When you come to a picture, pass over it, and set down the entries below exactly.
═════ Data provided ═════
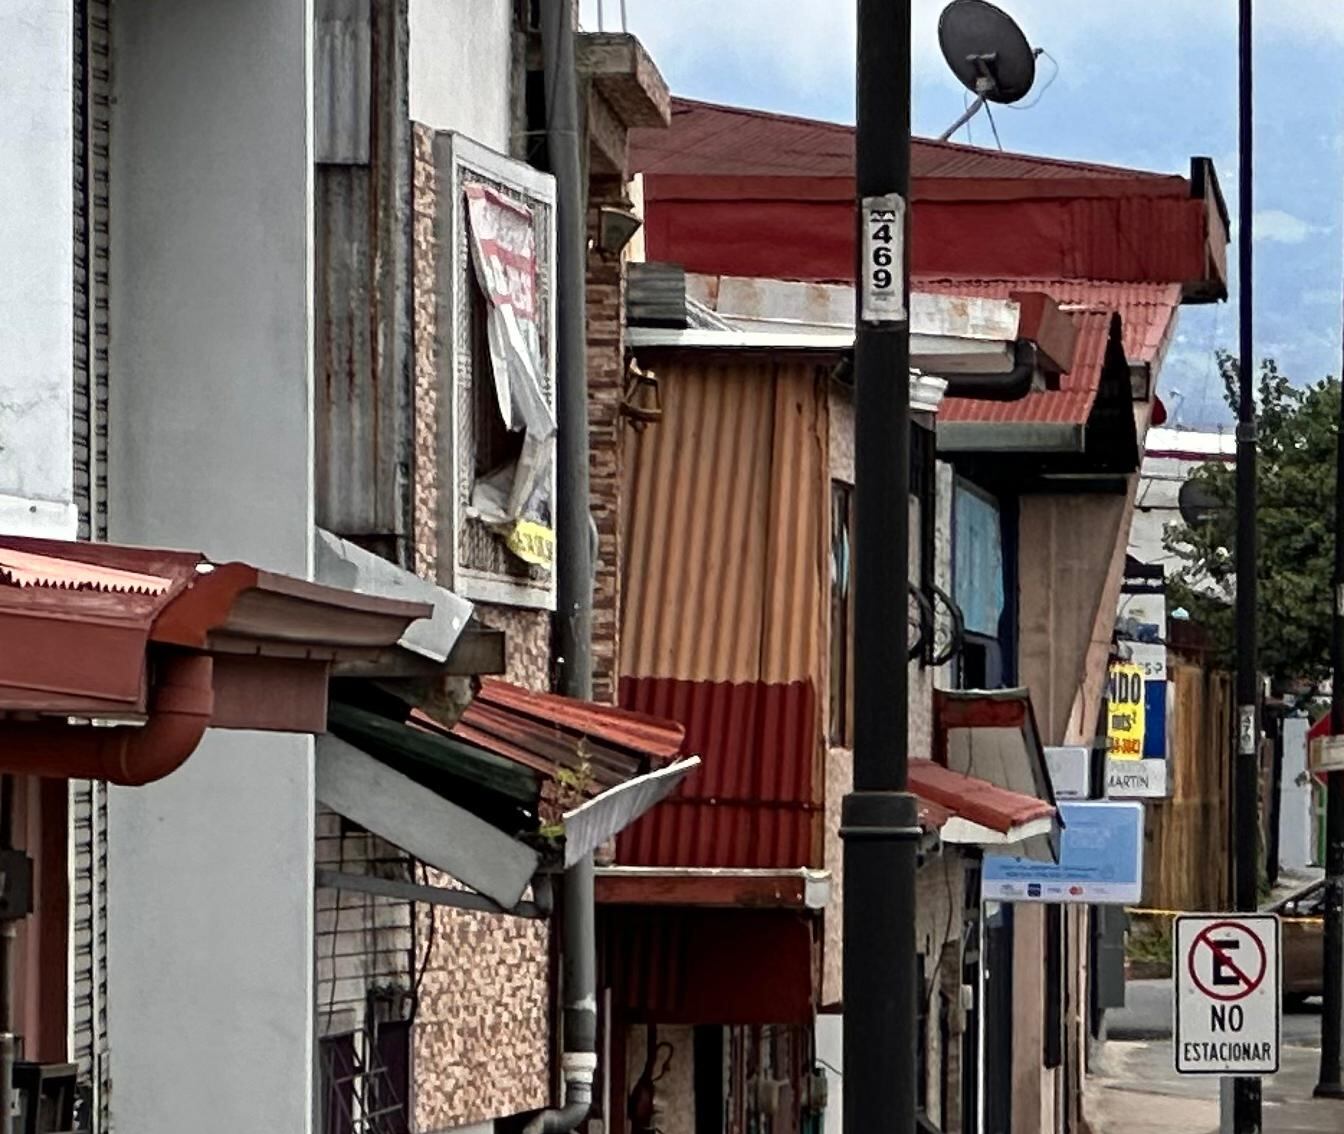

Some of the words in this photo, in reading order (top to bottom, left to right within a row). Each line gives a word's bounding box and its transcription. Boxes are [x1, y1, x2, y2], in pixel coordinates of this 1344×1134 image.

[872, 224, 893, 288] 469
[1211, 1004, 1243, 1032] NO
[1183, 1042, 1272, 1062] ESTACIONAR
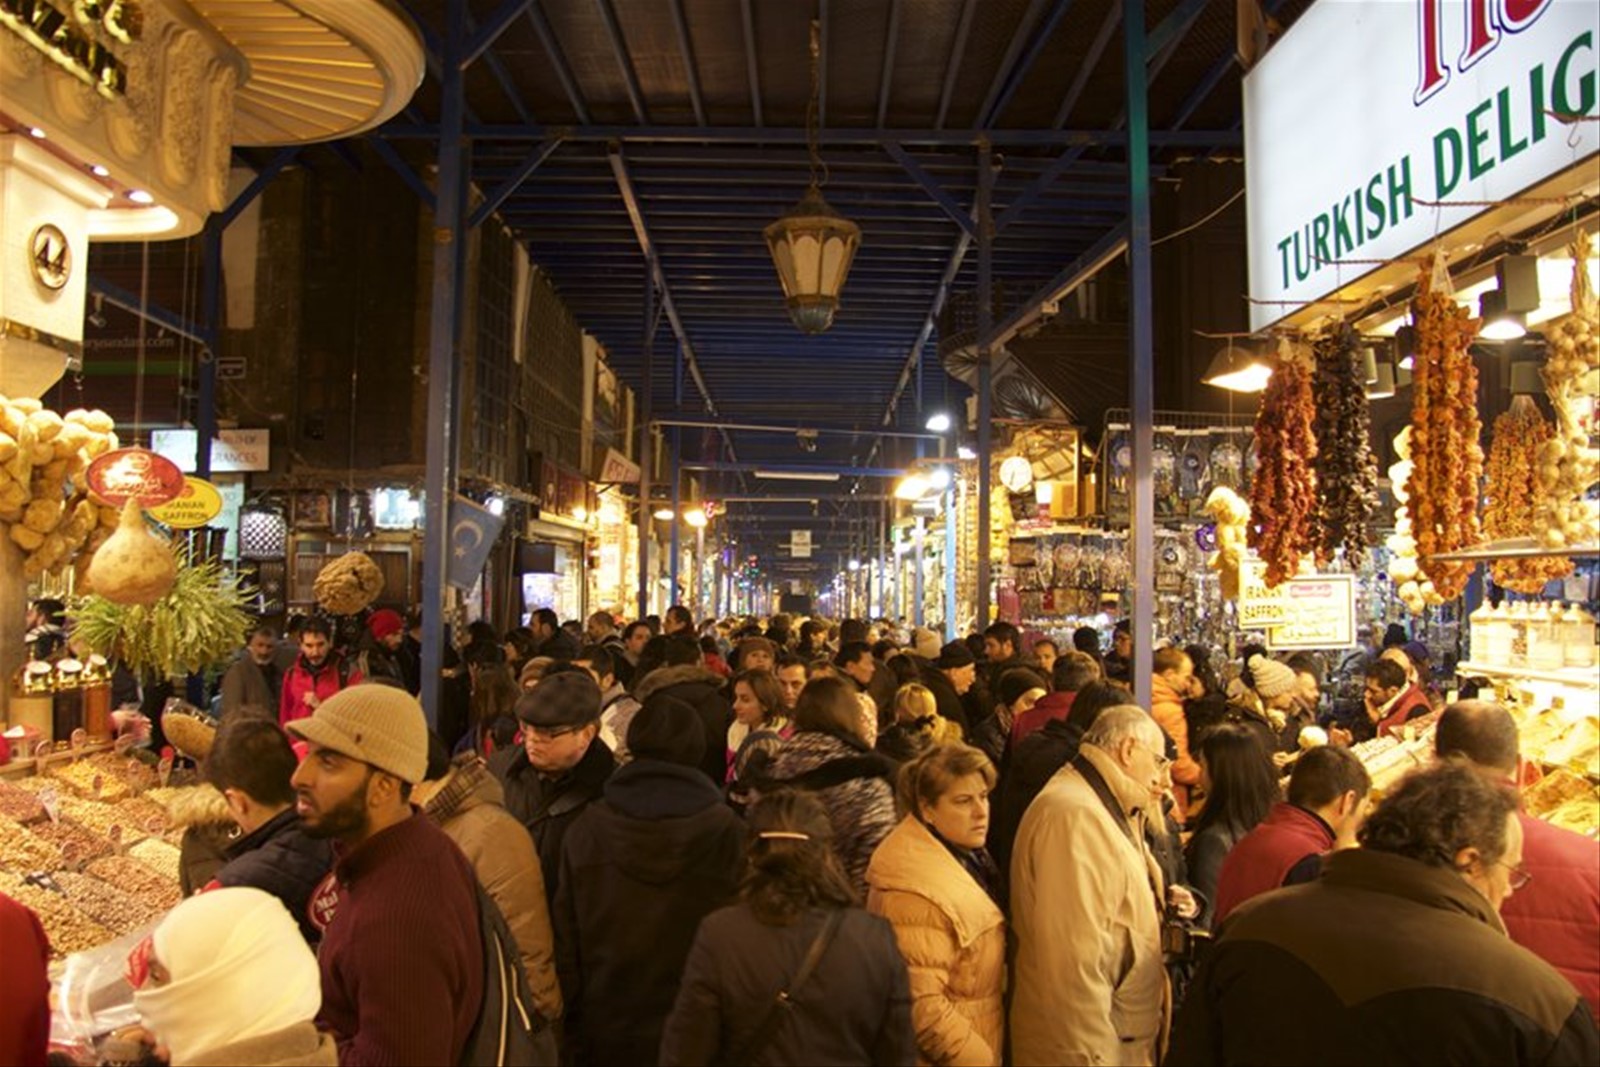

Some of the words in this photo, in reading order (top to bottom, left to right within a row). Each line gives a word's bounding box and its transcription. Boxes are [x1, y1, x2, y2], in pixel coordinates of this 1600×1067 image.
═════
• [Solution for this exercise]
Some of the words in this photo, in reading order (top to bottom, left to right within a row). Each line gives a word's bounding box and its transcription. Boxes are [x1, y1, x2, y2], in pixel coordinates of this 1344×1134 image.

[872, 224, 893, 288] 469
[1211, 1004, 1243, 1032] NO
[1183, 1042, 1272, 1062] ESTACIONAR

Some of the words in this photo, in reading order (top to bottom, left to right within a row). Each line gives a word's bounding box and its transcription. Boxes are [x1, y1, x2, y2], in pixel coordinates of this 1600×1067 image.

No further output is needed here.